Transcribe everything in the records exactly. Skip the images.

**Supplied records**.

########################################

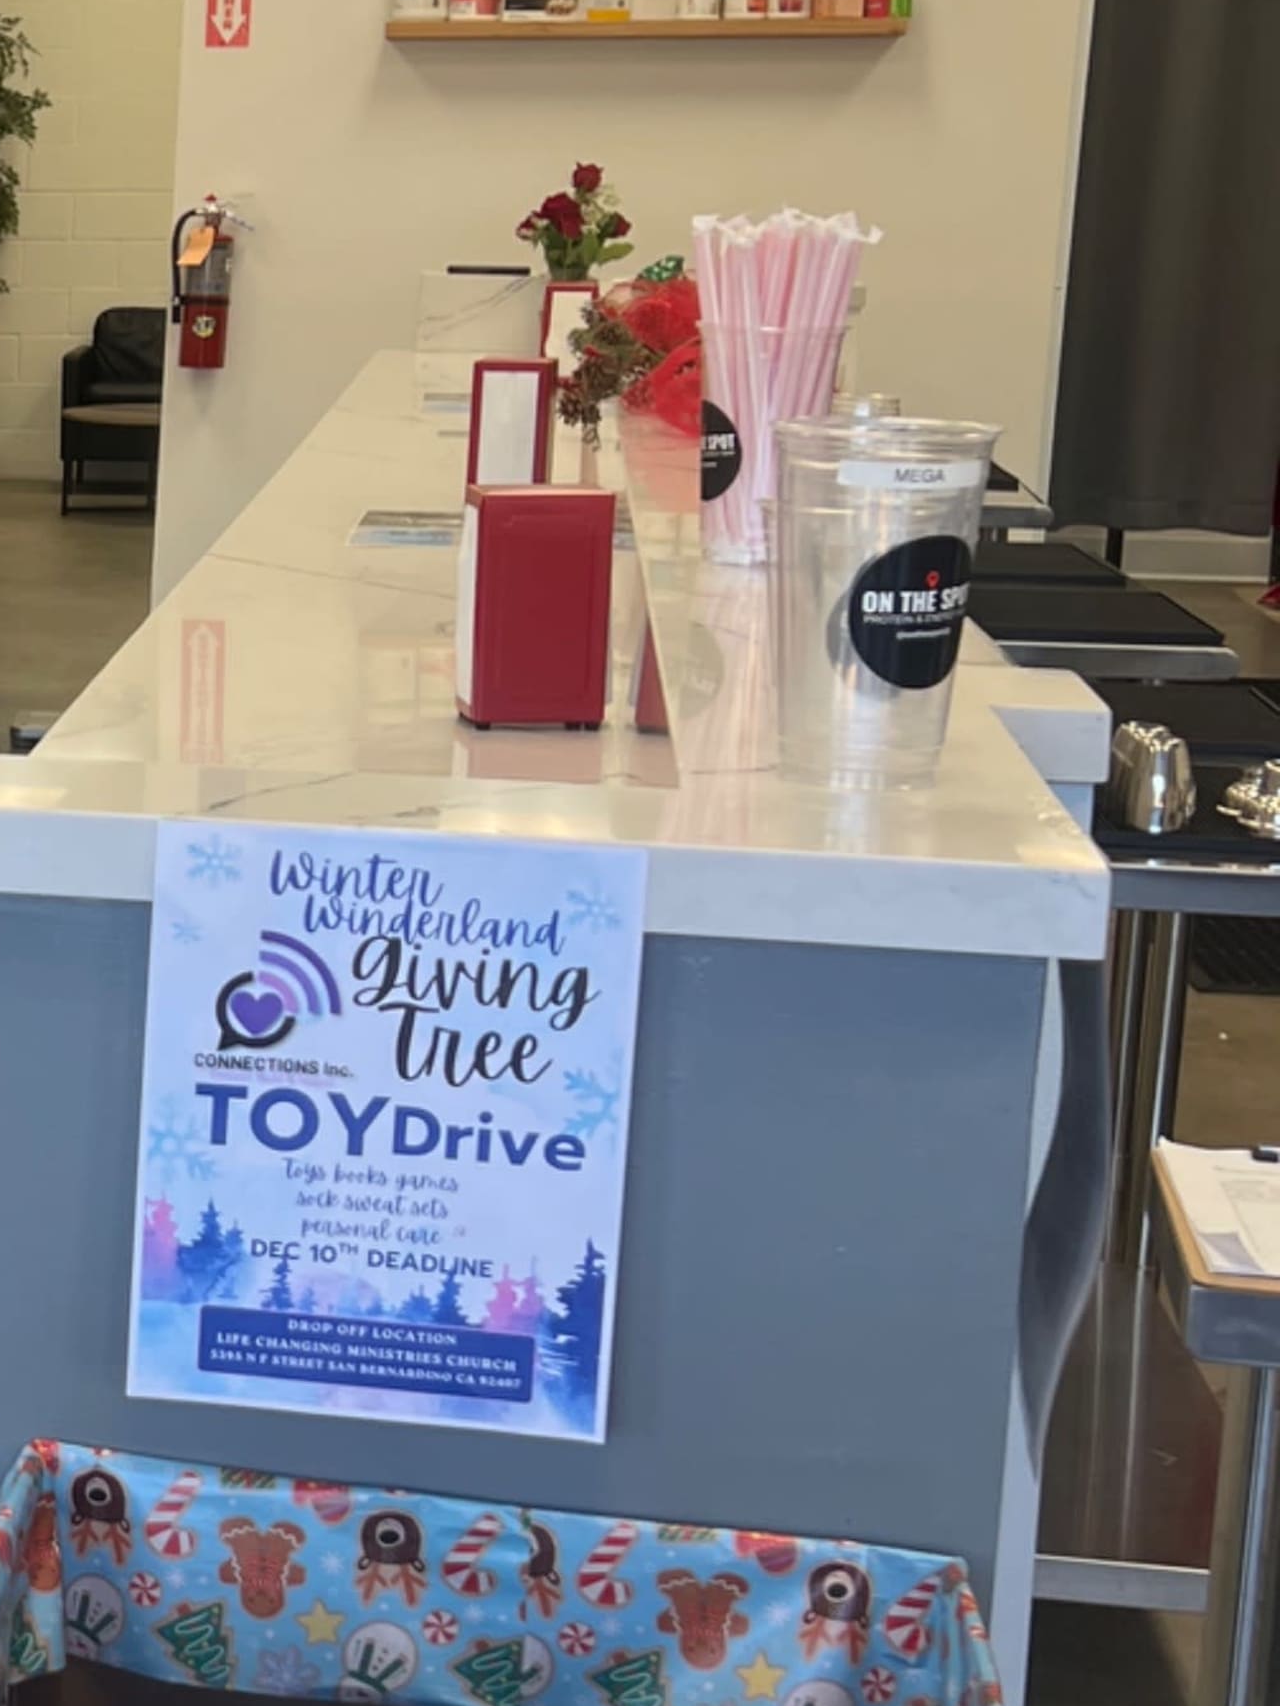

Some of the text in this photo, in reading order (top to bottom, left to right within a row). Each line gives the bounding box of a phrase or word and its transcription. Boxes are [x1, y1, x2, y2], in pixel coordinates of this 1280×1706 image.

[708, 433, 735, 450] SPOT
[894, 468, 946, 483] MEGA
[862, 591, 893, 614] ON
[900, 589, 938, 613] THE
[270, 849, 445, 908] Winter
[378, 1001, 554, 1088] Tree
[193, 1053, 355, 1078] CONNECTIONS Inc.
[282, 1157, 459, 1193] Toys books games
[343, 1193, 407, 1217] sweat
[410, 1197, 449, 1219] sets
[301, 1217, 442, 1246] personal care
[251, 1238, 301, 1260] DEC
[366, 1249, 495, 1278] DEADLINE
[288, 1319, 458, 1344] DROP OFF LOCATION
[217, 1332, 517, 1372] LIFE CHANGING MINISTRIES CHURCH
[246, 1353, 256, 1363] N
[271, 1355, 324, 1369] STREET
[328, 1360, 356, 1373] SAN
[359, 1363, 453, 1382] BERNARDINO
[455, 1373, 476, 1385] CA

########################################

**Answer to this problem**.
Some of the text in this photo, in reading order (top to bottom, left to right within a row). Each line gives the bounding box of a phrase or word and its transcription. Boxes are [x1, y1, x2, y2], in pixel coordinates of this 1280×1706 image.

[708, 433, 735, 450] SPOT
[894, 468, 946, 483] MEGA
[862, 591, 893, 614] ON
[900, 589, 938, 613] THE
[270, 849, 445, 908] Winter
[378, 1001, 554, 1088] Tree
[193, 1053, 355, 1078] CONNECTIONS Inc.
[282, 1157, 459, 1193] Toys books games
[343, 1193, 407, 1217] sweat
[410, 1197, 449, 1219] sets
[301, 1217, 442, 1246] personal care
[251, 1238, 301, 1260] DEC
[366, 1249, 495, 1278] DEADLINE
[288, 1319, 458, 1344] DROP OFF LOCATION
[217, 1332, 517, 1372] LIFE CHANGING MINISTRIES CHURCH
[246, 1353, 256, 1363] N
[271, 1355, 324, 1369] STREET
[328, 1360, 356, 1373] SAN
[359, 1363, 453, 1382] BERNARDINO
[455, 1373, 476, 1385] CA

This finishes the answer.